[Items listed in a dataset]
##########

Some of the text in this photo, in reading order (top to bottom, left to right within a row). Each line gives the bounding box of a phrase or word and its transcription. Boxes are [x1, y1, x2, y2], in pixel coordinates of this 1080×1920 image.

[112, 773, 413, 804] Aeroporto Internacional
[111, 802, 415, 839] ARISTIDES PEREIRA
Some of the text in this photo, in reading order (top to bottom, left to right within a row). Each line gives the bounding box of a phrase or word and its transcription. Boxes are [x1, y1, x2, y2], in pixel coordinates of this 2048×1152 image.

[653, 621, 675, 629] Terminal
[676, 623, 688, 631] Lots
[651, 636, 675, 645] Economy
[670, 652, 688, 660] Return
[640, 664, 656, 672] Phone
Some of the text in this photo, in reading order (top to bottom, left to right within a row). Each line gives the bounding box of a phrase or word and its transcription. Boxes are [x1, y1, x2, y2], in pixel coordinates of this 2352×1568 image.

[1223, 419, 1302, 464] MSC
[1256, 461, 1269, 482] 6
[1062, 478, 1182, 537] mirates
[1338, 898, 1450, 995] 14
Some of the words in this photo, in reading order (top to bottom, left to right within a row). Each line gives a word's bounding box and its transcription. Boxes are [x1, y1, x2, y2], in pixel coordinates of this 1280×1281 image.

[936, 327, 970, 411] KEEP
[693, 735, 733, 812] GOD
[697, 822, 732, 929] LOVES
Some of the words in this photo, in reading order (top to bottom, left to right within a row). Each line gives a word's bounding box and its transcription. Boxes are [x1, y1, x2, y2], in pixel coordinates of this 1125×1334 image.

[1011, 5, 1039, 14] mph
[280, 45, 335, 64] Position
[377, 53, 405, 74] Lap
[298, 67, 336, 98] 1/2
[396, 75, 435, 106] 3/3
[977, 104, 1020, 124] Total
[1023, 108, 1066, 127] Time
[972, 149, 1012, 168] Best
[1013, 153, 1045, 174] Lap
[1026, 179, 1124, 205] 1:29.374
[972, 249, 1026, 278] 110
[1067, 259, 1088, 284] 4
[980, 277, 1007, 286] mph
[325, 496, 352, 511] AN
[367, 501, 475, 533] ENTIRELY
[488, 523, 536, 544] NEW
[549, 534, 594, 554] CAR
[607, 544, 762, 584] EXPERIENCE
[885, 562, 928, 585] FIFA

##########

* Your assignment
Type the entries out again so that they match exactly.

* Your solution
Some of the text in this photo, in reading order (top to bottom, left to right within a row). Each line gives the bounding box of a phrase or word and its transcription. Boxes are [x1, y1, x2, y2], in pixel coordinates of this 1080×1920 image.

[112, 773, 413, 804] Aeroporto Internacional
[111, 802, 415, 839] ARISTIDES PEREIRA
Some of the text in this photo, in reading order (top to bottom, left to right within a row). Each line gives the bounding box of a phrase or word and its transcription. Boxes are [x1, y1, x2, y2], in pixel coordinates of this 2048×1152 image.

[653, 621, 675, 629] Terminal
[676, 623, 688, 631] Lots
[651, 636, 675, 645] Economy
[670, 652, 688, 660] Return
[640, 664, 656, 672] Phone
Some of the text in this photo, in reading order (top to bottom, left to right within a row). Each line gives the bounding box of a phrase or word and its transcription. Boxes are [x1, y1, x2, y2], in pixel coordinates of this 2352×1568 image.

[1223, 419, 1302, 464] MSC
[1256, 461, 1269, 482] 6
[1062, 478, 1182, 537] mirates
[1338, 898, 1450, 995] 14
Some of the words in this photo, in reading order (top to bottom, left to right within a row). Each line gives a word's bounding box and its transcription. Boxes are [x1, y1, x2, y2], in pixel coordinates of this 1280×1281 image.

[936, 327, 970, 411] KEEP
[693, 735, 733, 812] GOD
[697, 822, 732, 929] LOVES
Some of the words in this photo, in reading order (top to bottom, left to right within a row). Each line gives a word's bounding box and its transcription. Boxes are [x1, y1, x2, y2], in pixel coordinates of this 1125×1334 image.

[1011, 5, 1039, 14] mph
[280, 45, 335, 64] Position
[377, 53, 405, 74] Lap
[298, 67, 336, 98] 1/2
[396, 75, 435, 106] 3/3
[977, 104, 1020, 124] Total
[1023, 108, 1066, 127] Time
[972, 149, 1012, 168] Best
[1013, 153, 1045, 174] Lap
[1026, 179, 1124, 205] 1:29.374
[972, 249, 1026, 278] 110
[1067, 259, 1088, 284] 4
[980, 277, 1007, 286] mph
[325, 496, 352, 511] AN
[367, 501, 475, 533] ENTIRELY
[488, 523, 536, 544] NEW
[549, 534, 594, 554] CAR
[607, 544, 762, 584] EXPERIENCE
[885, 562, 928, 585] FIFA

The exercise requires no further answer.